Rio a dépensé 10 milliards d’euros pour les Jeux Olympiques de 2016. Quelques mois après que les lampions de la fête se sont éteints, les sites qui ont accueilli les Jeux sont en ruines pour la plupart. Le Parc olympique de Barra da Tijuca est fermé: des vigiles en interdisent l’entrée, car les visiteurs découvriraient des portes rouillées, des hautes herbes, bref la désolation. Le site de Deodoro (canoë, V.T.T…) est fermé également. Le Maracanã, dont la gestion est engluée dans un imbroglio administratif, est devenu un repaire de chats errants, une «poubelle géante». Entre corruption et surfacturation, les finances publiques sont mises à mal: les fonctionnaires ne sont plus totalement payés. Les 70 000 habitants expropriés pour laisser la place aux Jeux sont très amers. L’exemple de ceux de Vila Autodromo est emblématique: ils ont lutté jusqu’au bout, en vain, pour conserver leur logement; or le parking qui a été construit à la place de leurs habitations est en ruines…

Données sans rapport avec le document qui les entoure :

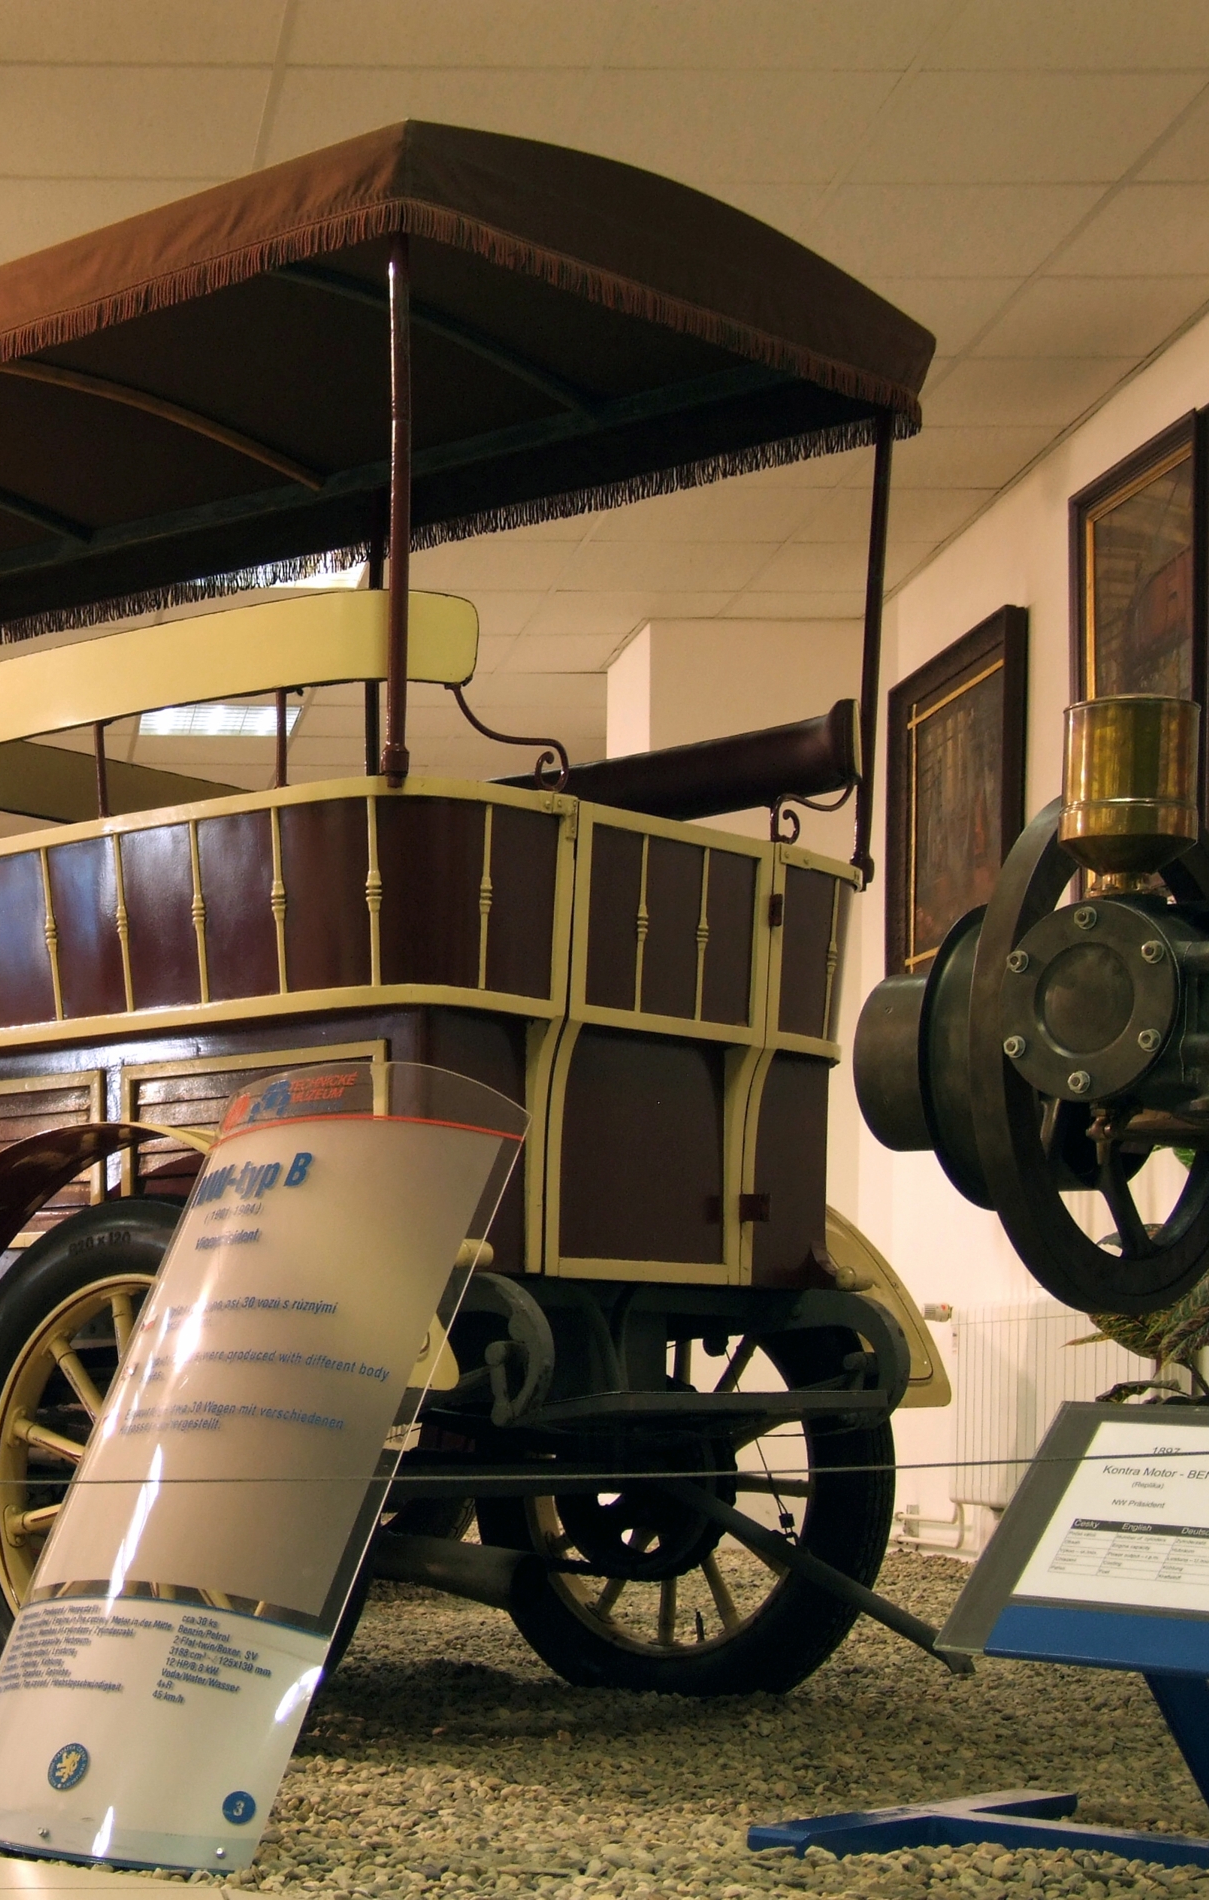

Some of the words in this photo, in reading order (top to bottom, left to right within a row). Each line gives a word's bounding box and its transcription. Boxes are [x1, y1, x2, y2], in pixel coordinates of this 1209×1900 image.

[283, 1152, 312, 1187] B
[242, 1297, 255, 1308] 30
[282, 1299, 289, 1309] s
[291, 1299, 338, 1315] různými
[226, 1349, 277, 1363] produced
[279, 1352, 302, 1363] with
[305, 1354, 356, 1372] different
[359, 1362, 389, 1382] body
[204, 1401, 236, 1416] Wagen
[239, 1403, 257, 1416] mit
[260, 1408, 344, 1430] verschiedenen
[1103, 1465, 1140, 1476] Kontra
[1143, 1468, 1177, 1478] Motor
[1121, 1522, 1152, 1532] English
[244, 1650, 259, 1661] SV
[161, 1668, 240, 1692] Voda/Water/Wasser
[254, 1667, 271, 1677] mm
[152, 1690, 163, 1700] 45
[163, 1691, 185, 1704] km/h
[233, 1800, 245, 1817] 3
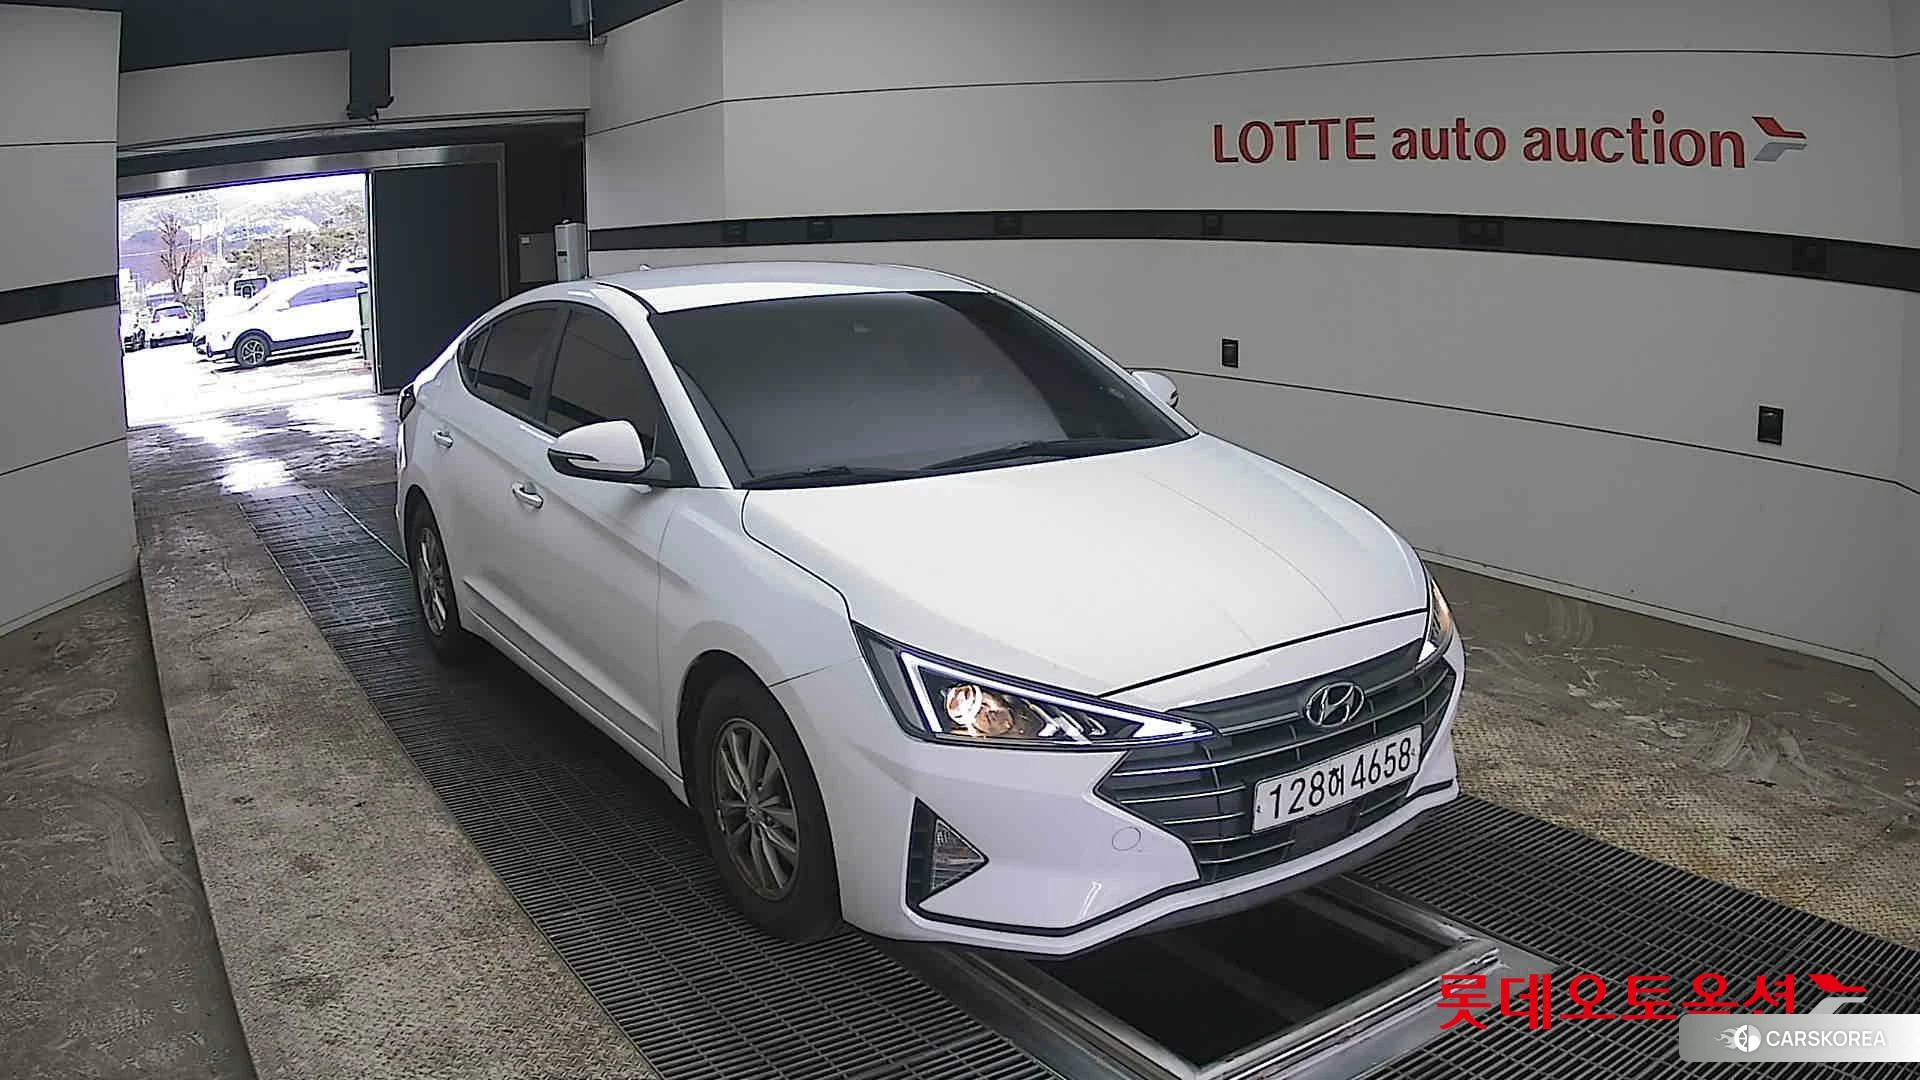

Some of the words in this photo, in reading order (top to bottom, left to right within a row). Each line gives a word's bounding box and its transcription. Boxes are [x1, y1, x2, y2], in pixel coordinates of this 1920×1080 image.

Tout ce gâchis est loin d’être une première, et les Jeux ont bien souvent laissé des ruines en héritage. Le cas le plus célèbre est celui d’Athènes, en 2004: le coût les Jeux a creusé le déficit public, avec les conséquence dramatiques en termes économiques que l’on connaît, lesquelles ont failli conduire au Grecxit dans les années 2010; or aucune des installations construites en périphérie d’Athènes n’a été utilisée par la suite. Mais les exemples seraient multiples. Pour la France, rappelons que les Jeux d’hiver de Grenoble, en 1968, que le général de Gaulle voulait grandioses, ont conduit à la construction de multiples équipements sportifs (piste de bobsleigh de L’Alpe-d’Huez, tremplin de saut à skis de Saint-Nizier, etc.) laissés rapidement à l’abandon; les contribuables grenoblois mettront plus de 20 ans à rembourser le déficit des Jeux par l’augmentation de leurs impôts locaux.